Chapter 36
Chapter 36
Michael
We make our way through undergrowth. The rampant rhododendrons have killed off any brambles and
nettles, but completely unkempt and uncared for, they find ways to stab the unwary passer-by with the
blunt ends of broken boughs, or to snag low-hanging branches, whippy and limp, around ankles. One
jabs into Klempner’s calf and he curses, tearing his trousers as he pulls free. Another lashes back
across my face with a sting that makes my eyes water.
As we emerge to the edge and thin sunshine, the house hoves into view. It’s a vast place, or was, a
memory from the days when wealth meant a country estate, thousands of acres of land and a tribe of
servants. Now, neglected and dismal, it’s home for not much more than a colony of starlings which
rises and wheels and shrieks into the morning.
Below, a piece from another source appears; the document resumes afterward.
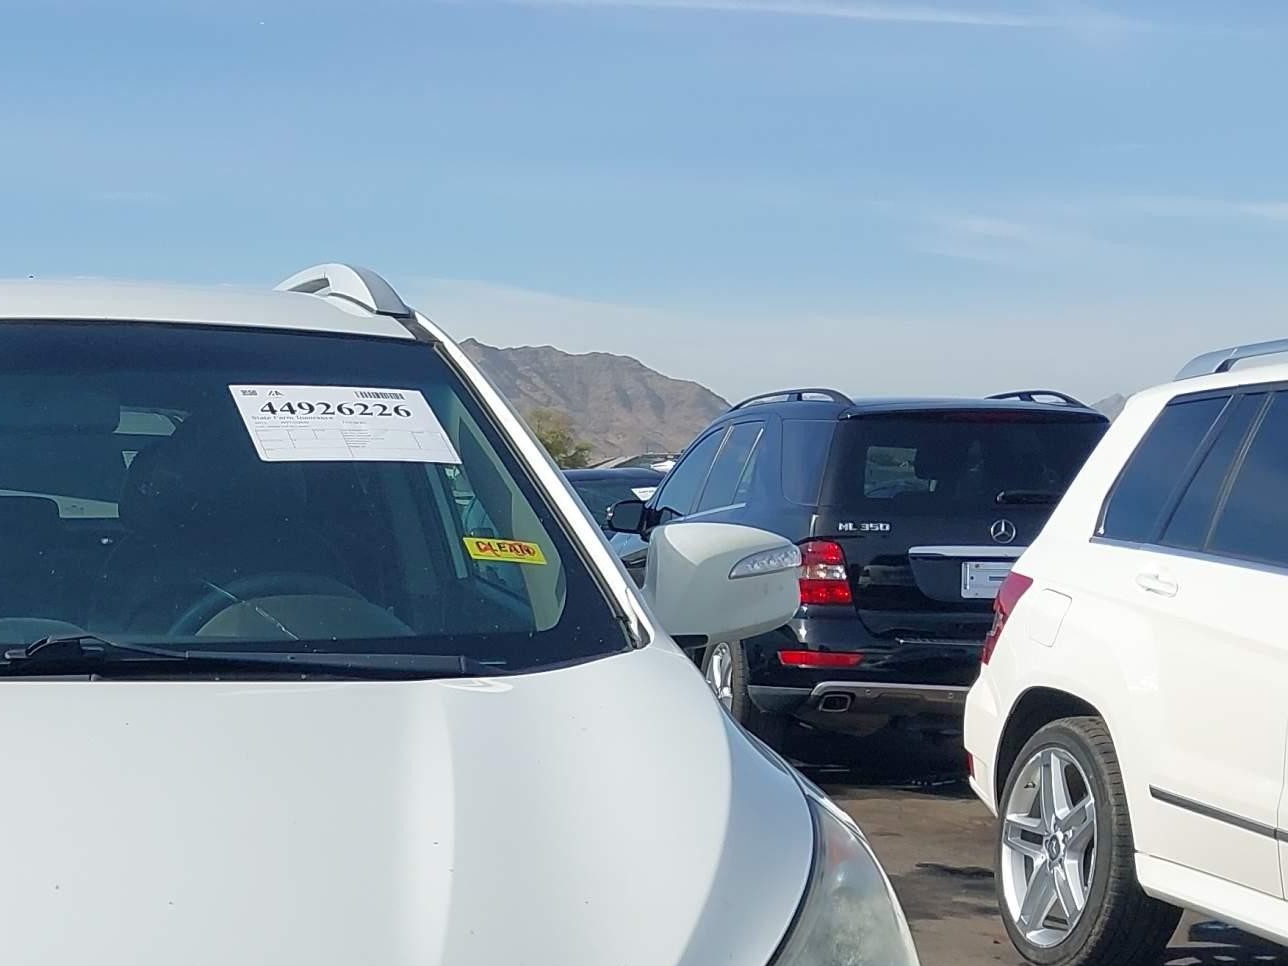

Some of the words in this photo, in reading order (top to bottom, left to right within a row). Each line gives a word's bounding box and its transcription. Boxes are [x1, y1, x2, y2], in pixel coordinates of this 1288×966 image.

[260, 401, 411, 417] 44926226
[838, 522, 857, 531] ML
[860, 522, 890, 531] 350
The roof we saw from afar is a sham, mainly collapsed inwards, purlins and struts either broken and
splintered or gone altogether. The main walls, such as are still standing, are falling inwards, taking
whole storeys with them. Trees sprout out through gaping windows and ivy crawls over crumbled
mortar.
It would seem an unlikely hideaway, except that by what was once a vast double door to the front, is
Ben’s car. But the only sign of life is Scruffy, sitting in the passenger seat.
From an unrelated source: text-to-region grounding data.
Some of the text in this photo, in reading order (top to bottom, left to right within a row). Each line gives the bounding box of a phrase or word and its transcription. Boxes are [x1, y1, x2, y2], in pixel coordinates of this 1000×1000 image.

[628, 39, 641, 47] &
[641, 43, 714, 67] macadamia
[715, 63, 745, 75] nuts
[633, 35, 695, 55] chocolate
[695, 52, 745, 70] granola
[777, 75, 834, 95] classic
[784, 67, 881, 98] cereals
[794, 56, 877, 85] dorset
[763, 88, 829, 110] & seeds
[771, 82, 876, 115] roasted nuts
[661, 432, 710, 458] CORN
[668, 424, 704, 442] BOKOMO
“That dog likely to start yapping when it sees us?” mutters Baxter.
“I’ll go first,” I say. “He knows me. He’ll be quiet for me.”
“You sure of that?” murmurs Klempner.
“Pretty sure. But if he does make a noise and Ben comes out, he’ll only see me.”
“Is your brother likely to be armed? Does he carry a knife or some such?”
“No, he’s not that kind of man.”
Klempner opens his mouth to speak, but James cuts in. "He’s a big man, built like Michael. In his
hands, a lot of things could be a weapon. A branch. A tyre iron…."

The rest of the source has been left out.